A recent study led by Imperial College London’s Centre for Psychedelic Research found that psilocybin could increase neuroplasticity in cases of treatment-resistant depression (TRD), even more than traditional antidepressants, such as selective serotonin reuptake inhibitors (SSRIs).
The results of the study were reported in the journal Nature Medicine under the name “Increased global integration in the brain after psilocybin therapy for depression.” The research indicates that psilocybin increased brain connectivity both during treatment and the following three weeks.
The authors of the study noted that “patients with a diagnosis of depression often exhibit a negative cognitive bias, characterized by pessimism, poor cognitive flexibility, rigid thought patterns and negative fixations regarding ‘self’ and the future [...] A hierarchically supraordinate intrinsic brain network, the default mode network (DMN), is associated with introspection and self-referential thinking. These cognitive functions are often overactive in depression.”

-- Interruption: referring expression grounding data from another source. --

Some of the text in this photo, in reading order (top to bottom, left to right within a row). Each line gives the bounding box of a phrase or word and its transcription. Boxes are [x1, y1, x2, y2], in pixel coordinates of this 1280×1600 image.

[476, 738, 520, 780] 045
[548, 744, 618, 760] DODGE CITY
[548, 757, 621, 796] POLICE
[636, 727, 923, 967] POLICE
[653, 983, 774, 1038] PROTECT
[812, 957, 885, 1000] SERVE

The term “DMN” is used to reference a network of interacting brain regions that are always operating in the background but are less active when performing a focused task.
Previous research found that psychedelics intake could alter DMN paths. According to the new study, changes in brain connectivity could be attributed to “a specific decrease in within-DMN connectivity and increase in DMN connectivity with other higher-order networks.”

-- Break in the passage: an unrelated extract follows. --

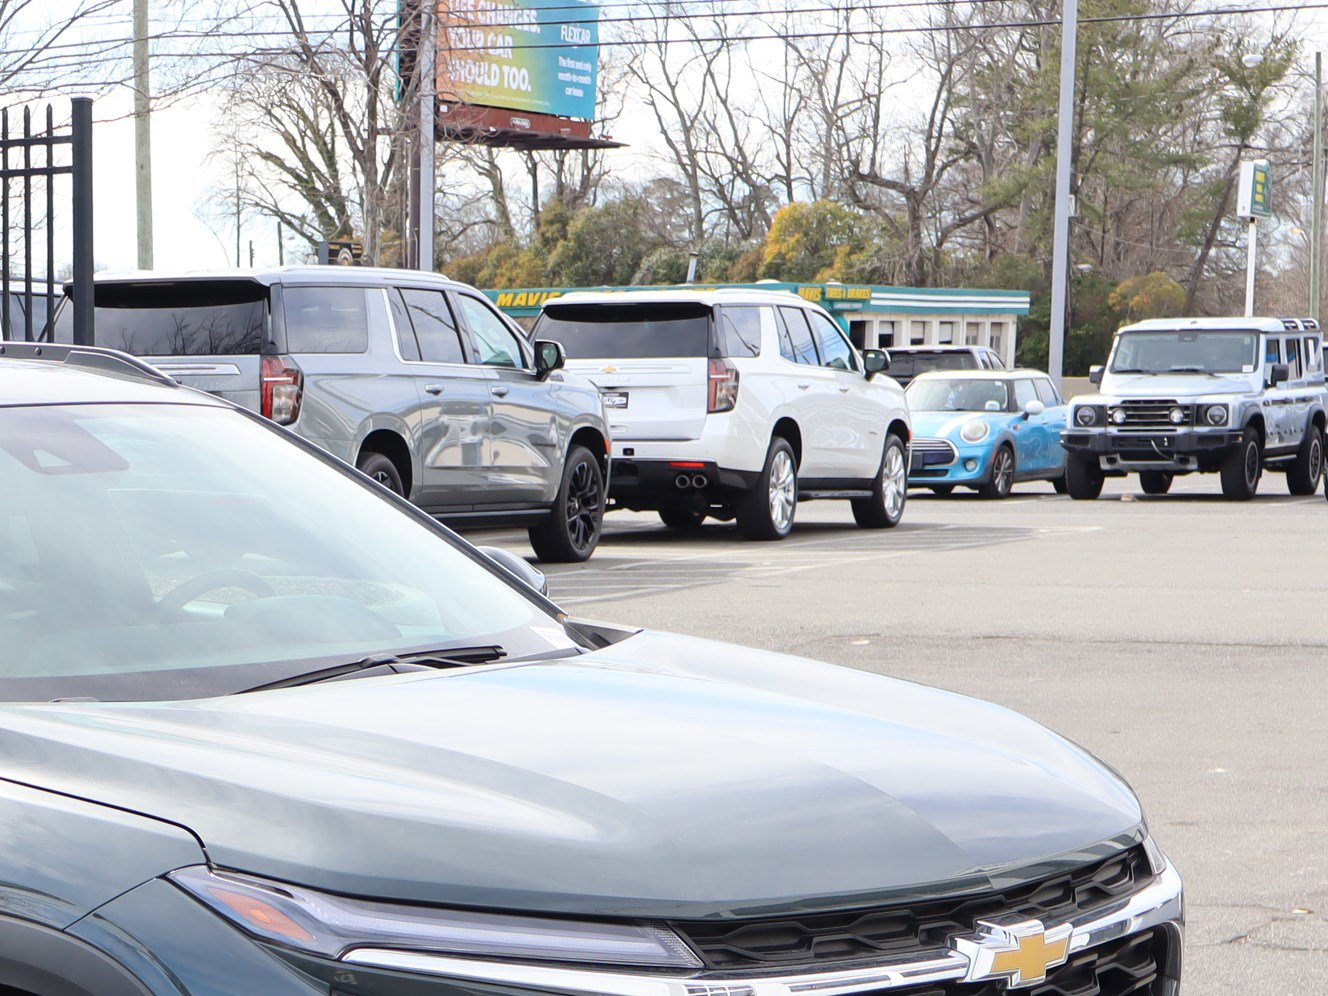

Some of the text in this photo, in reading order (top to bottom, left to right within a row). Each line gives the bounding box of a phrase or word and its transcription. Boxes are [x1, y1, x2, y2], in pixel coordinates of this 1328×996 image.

[487, 32, 513, 59] CAR
[560, 24, 591, 44] FLEXCAR
[501, 65, 532, 92] TOO.

In other words, psilocybin could help the brain break out of depression’s rigid and structured patterns in ways that traditional antidepressants can not.
The study consisted of two clinical trials. On the first one, 19 people participated in an open-label trial in TRD, where all participants received psilocybin. The second trial was a randomized control trial in a more general type of depression, the objective of which was to compare psilocybin with the SSRI escitalopram. In this case, 21 people received escitalopram, and 22 received psilocybin.

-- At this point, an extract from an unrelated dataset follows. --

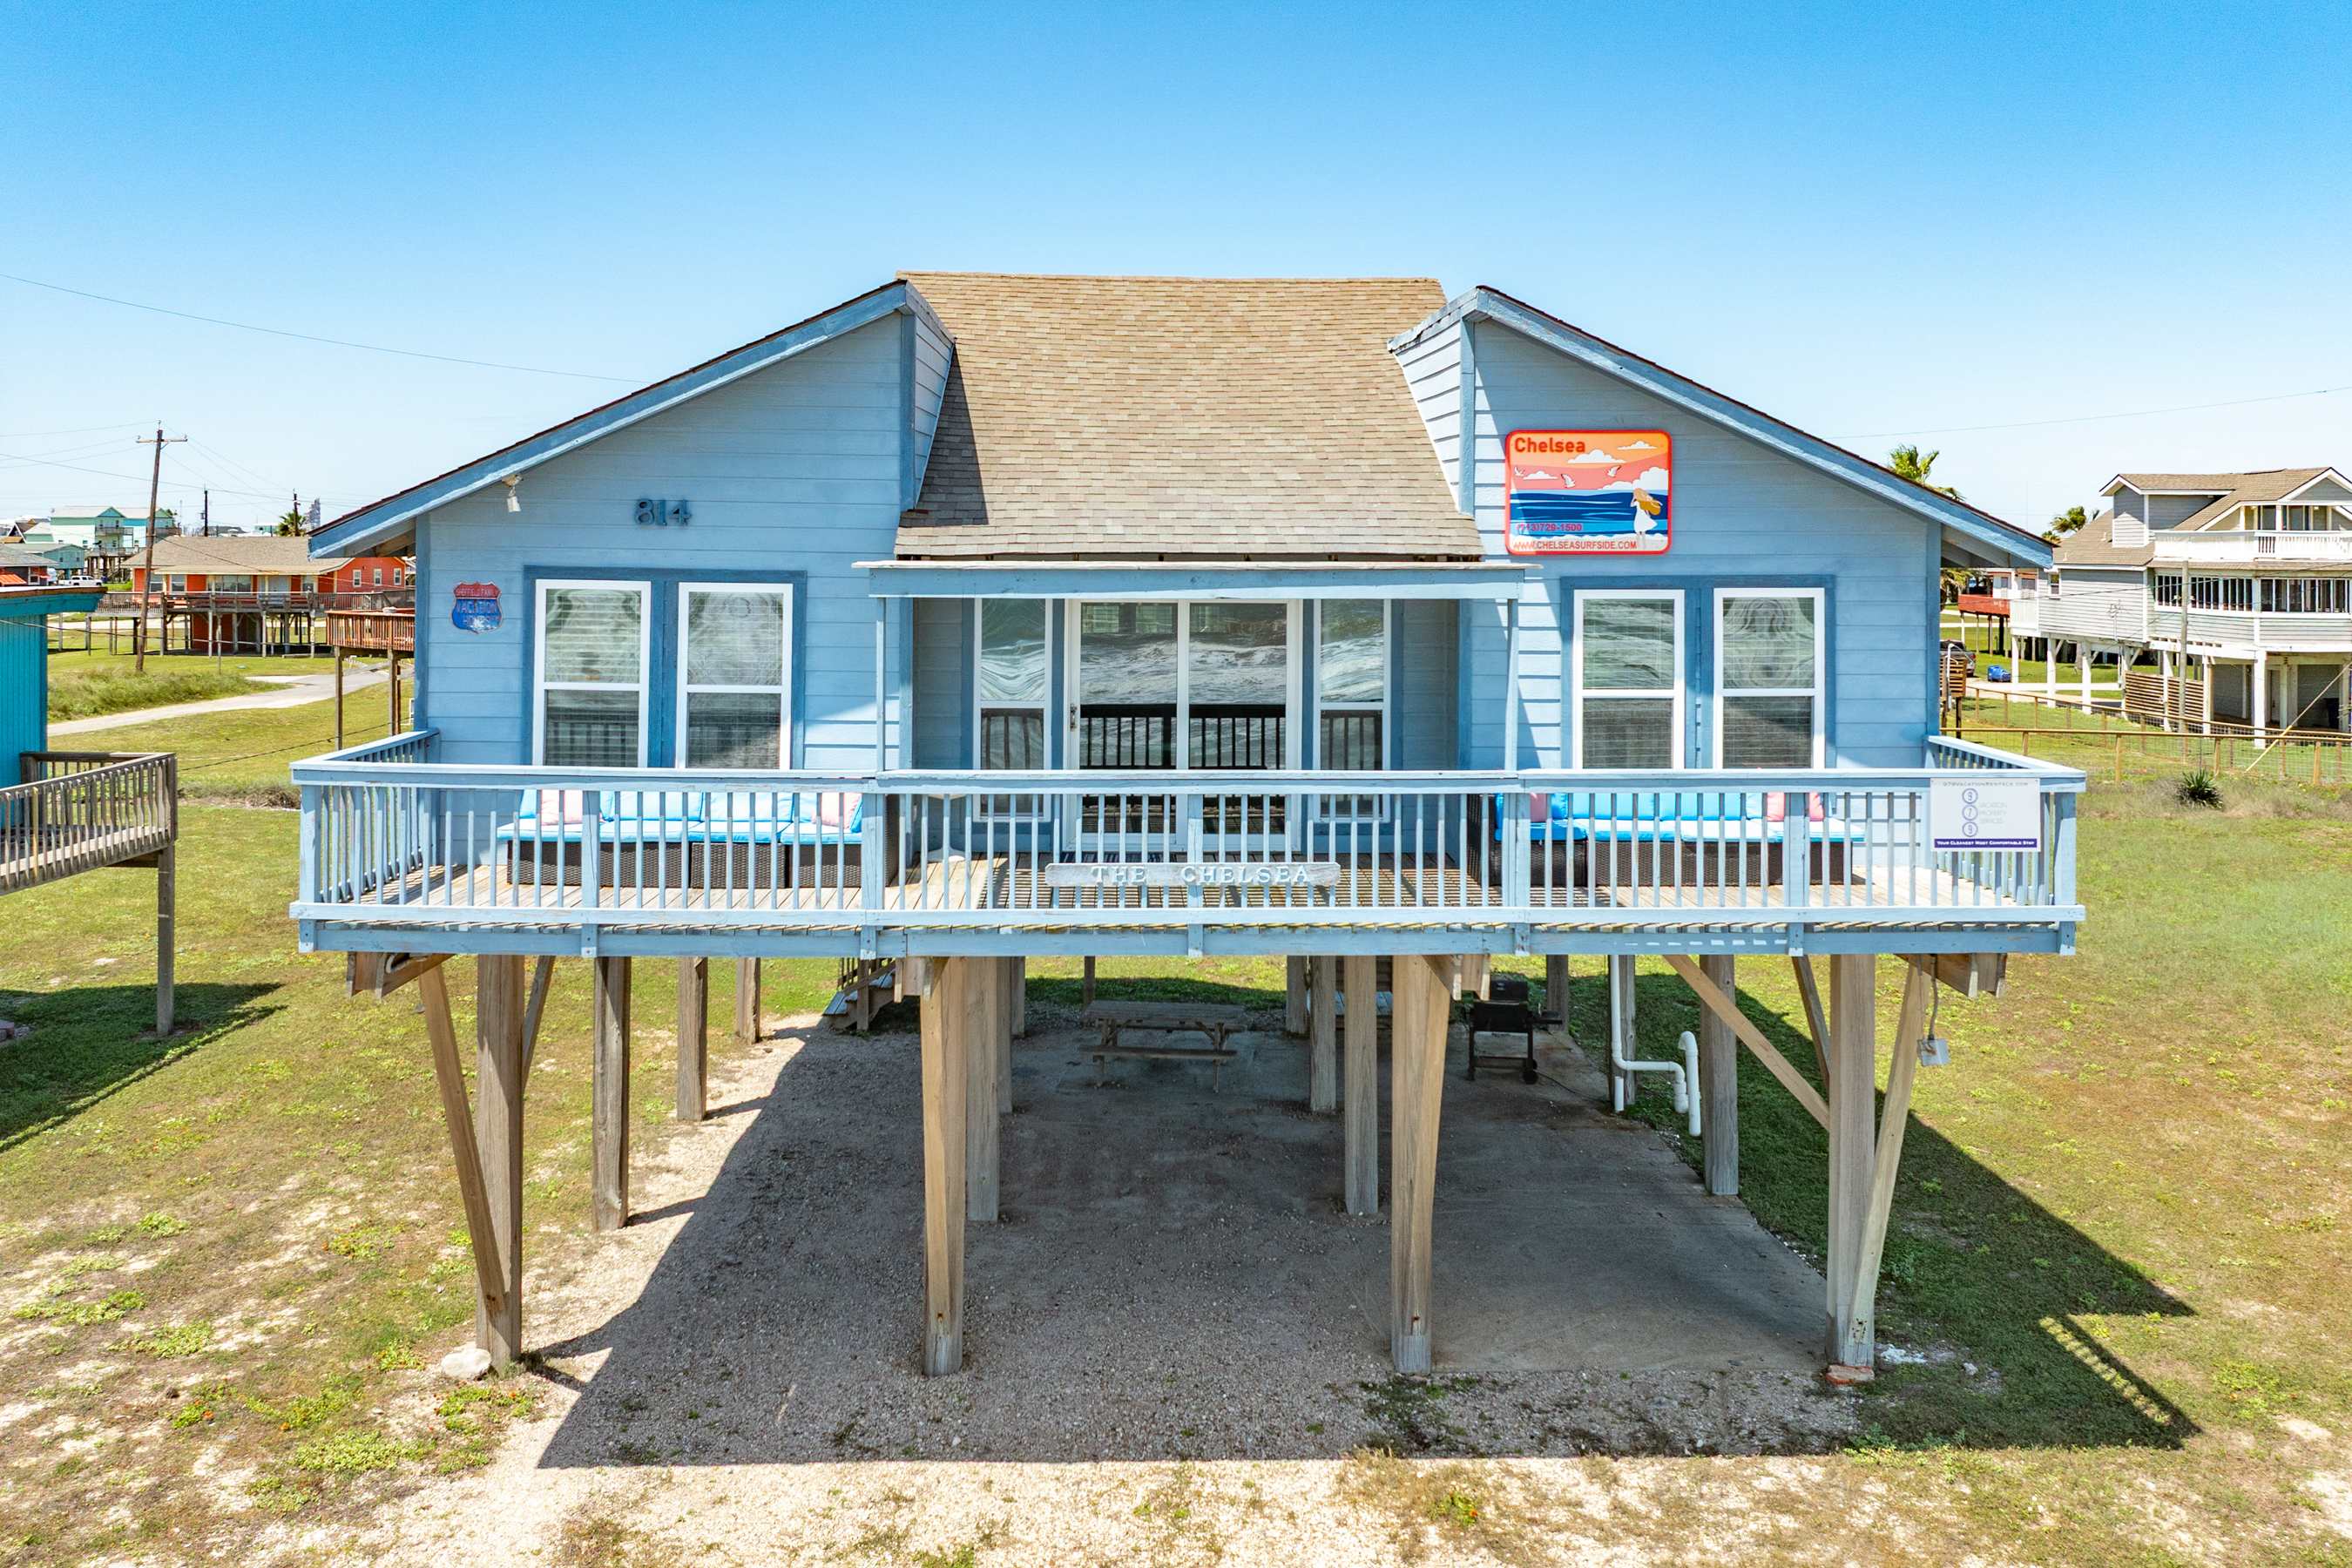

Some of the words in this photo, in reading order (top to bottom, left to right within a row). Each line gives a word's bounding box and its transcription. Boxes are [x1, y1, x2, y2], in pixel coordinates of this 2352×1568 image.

[1514, 437, 1585, 453] Chelsea
[634, 498, 693, 526] 814
[1091, 865, 1147, 884] THE
[1180, 864, 1311, 885] CHELSEA

“One exciting implication of our findings is that we have discovered a fundamental mechanism via which psychedelic therapy works not just for depression—but other mental illnesses, such as anorexia or addiction. We now need to test if this is the case, and if it is, then we have found something important,” commented Robin Carhart-Harris, director of the Psychedelics Division of Neuroscape, UCSF.
The study comes at a time when more and more trials on psilocybin are being conducted to evaluate the substance’s effectiveness against mental health disorders.